Father’s Day also takes place at the height of June’s barrage of “Pride Month” agitation. Central to the “pride” agitprop is a massive campaign for the erasure of sex differences through gender ideology and the push for artificial reproductive technologies such as surrogacy that serve to remove fathers — as well as mothers — from the lives of children.
Still, the tradition of Father’s Day endures, despite the thanklessness of the work of good fathers by a culture that seems to reject the very notion of fatherhood. That’s because Americans actually love dads no matter how much the media instruct us to despise them.

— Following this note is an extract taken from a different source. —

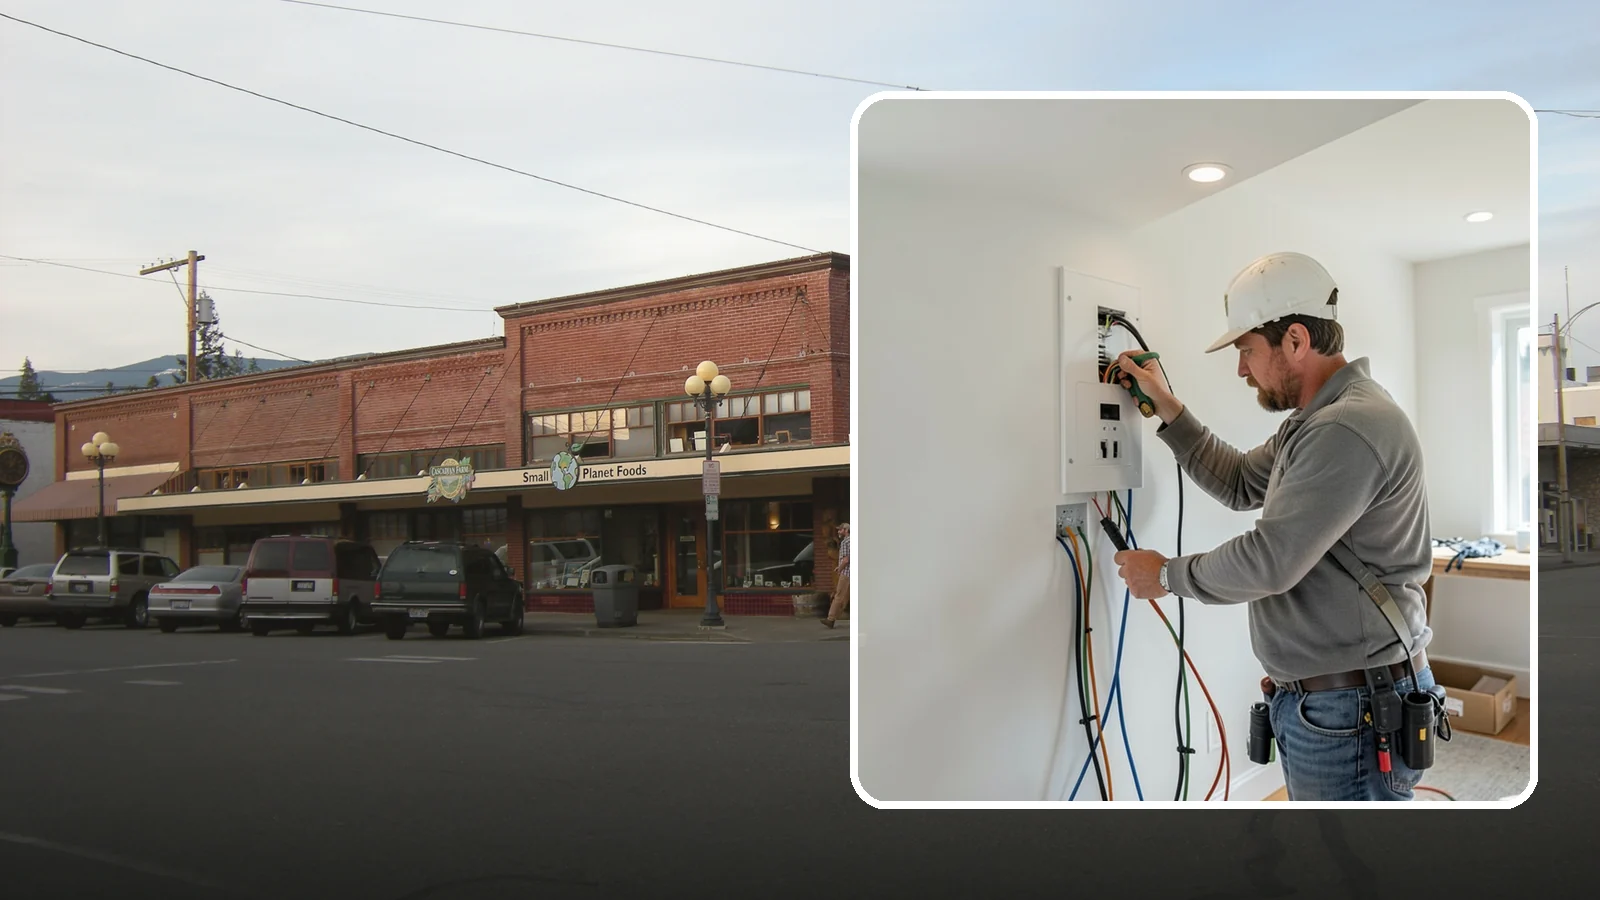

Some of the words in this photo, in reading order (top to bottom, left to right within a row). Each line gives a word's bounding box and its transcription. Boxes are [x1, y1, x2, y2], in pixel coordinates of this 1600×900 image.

[522, 471, 549, 483] Small
[582, 467, 615, 479] Planet
[616, 464, 648, 477] Foods

Fictional Portrayals of Fatherhood Are Testaments to Father Hunger
Many stories in our popular culture are especially instructive on the importance of good fathers and a reminder of the father hunger children experience. In part, the term “father hunger” describes the emotional starvation, confusion, and frustration that comes with the loss of a father through death, absence, neglect, or abuse.
The Bible is filled with references that attest to the sorrows of the fatherless whom we are warned to treat well. Psalm 68:5 reads: “A father of the fatherless, and a judge of the widows, is God in his holy habitation.”

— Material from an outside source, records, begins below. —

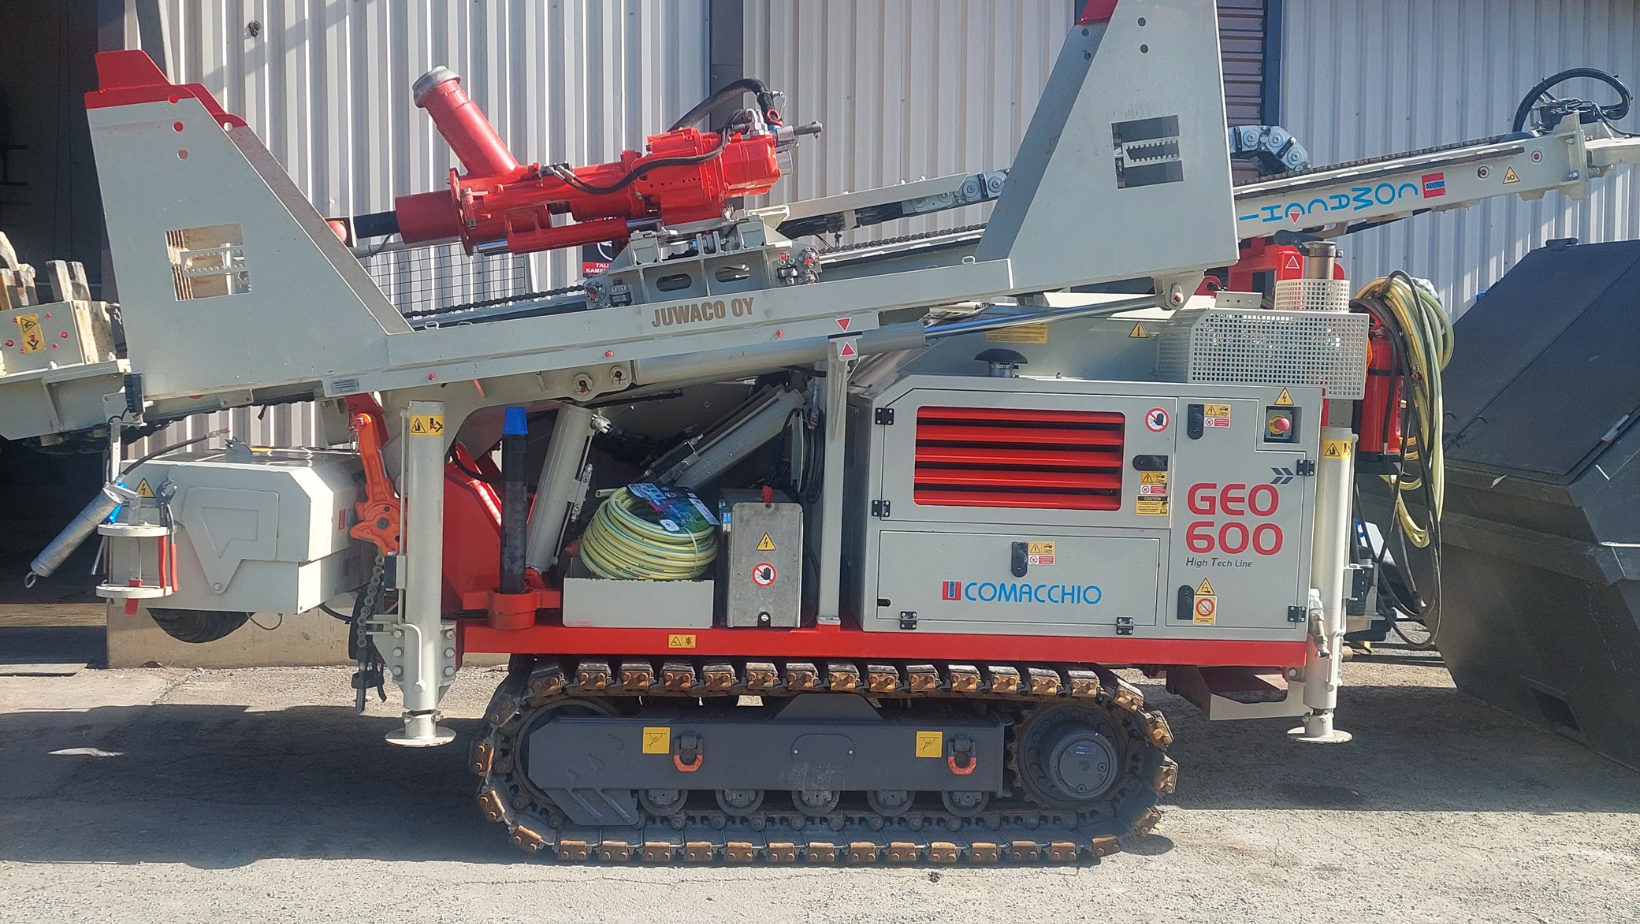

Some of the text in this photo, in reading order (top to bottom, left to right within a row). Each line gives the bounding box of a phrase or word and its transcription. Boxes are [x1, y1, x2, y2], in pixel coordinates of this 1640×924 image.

[651, 296, 754, 328] JUWACO OY
[1187, 482, 1279, 517] GEO
[1185, 520, 1284, 556] 600
[1185, 557, 1253, 568] High Tech Line
[964, 582, 1103, 605] COMACCHIO

The father-child relationship is also central to countless works of great literature, including Ivan Turgenev’s novel Fathers and Sons, Harper Lee’s To Kill a Mockingbird, and Charles Dickens’ A Christmas Carol. There’s no shortage of movies that zero in on the critical role of fathers, including “The Lion King,” “Three Men and a Baby,” “Mrs. Doubtfire,” and “Field of Dreams.” However, you’ll notice that the production of such beloved stories seems to have faded in the 1990s. It’s no surprise that so few are produced these days.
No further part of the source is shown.